Ojciec Roger pracował już wtedy w Rawie Ruskiej. Od 1997 r. gwardianem domu i proboszczem parafii był o. Zygmunt Majcher, którego wsparł o. Eugeniusz Kwiatkowski, niemłody już kapłan, który ze względów zdrowotnych musiał wrócić do kraju. Po jego wyjeździe o. Zygmunta wspierali m.in. o. Mariusz Uniżycki i o. Tadeusz Pawłowicz. Wspólnota po wzniesieniu kościoła kontynuowała prace inwestycyjne. Przystąpiła m.in. do budowy klasztoru obok świątyni. Po zakończeniu tej inwestycji o. Majcher przystąpił do budowy kościoła w Kamieniu Korzyrskim na dawnym polskim cmentarzu. Został on poświęcony 24 czerwca 2005 r., w tym samym dniu, w którym odbywały się uroczystości powtórnego otwarcia we Lwowie Cmentarza Orląt.

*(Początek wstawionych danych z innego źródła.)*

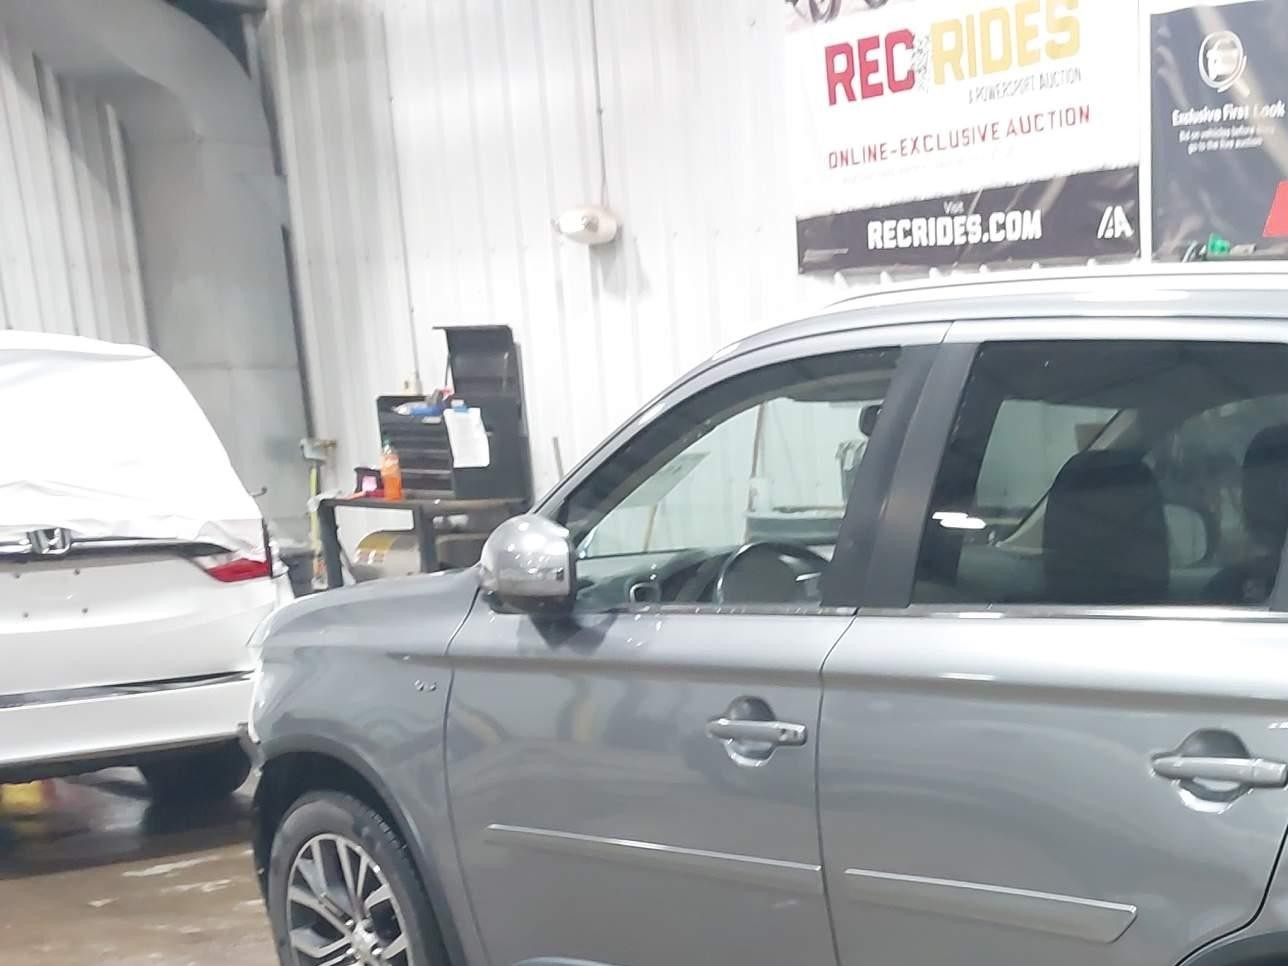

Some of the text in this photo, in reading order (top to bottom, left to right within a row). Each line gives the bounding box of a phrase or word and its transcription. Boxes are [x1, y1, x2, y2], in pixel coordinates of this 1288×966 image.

Z Krakowa na Kowelszczyznę (2/2) (PL)

O. Polikarp Strzałkowski OFM

Po odejściu o. Zygmunta Majchera funkcję proboszcza i gwardiana klasztoru objął o. Tadeusz Pawłowicz. W 2006 r. duszpasterska pałeczkę przejął o. Polikarp Anatol Strzałkowski. Obowiązki wikarego objął o. Augustyn Henadij Siciński, urodzony we Lwowie w 1959 r., który przeszedł trudną drogę do zakonu, do którego wstąpił w 1984 r., kończąc studia w 1995 r. w bernardyńskim seminarium w Kalwarii Zebrzydowskiej. Pracował później m.in. w Czeczelniku i Połonnem. Ojciec Polikarp urodził się w Jasenówce k/Żytomierza w 1970 r. Szczyci się tym, że pochodzi z polskiej rodziny, która za wiarę i polskość zapłaciła konkretną cenę. On sam niejeden raz był obiektem drwin za to, że zawsze podkreślał, że jest Polakiem.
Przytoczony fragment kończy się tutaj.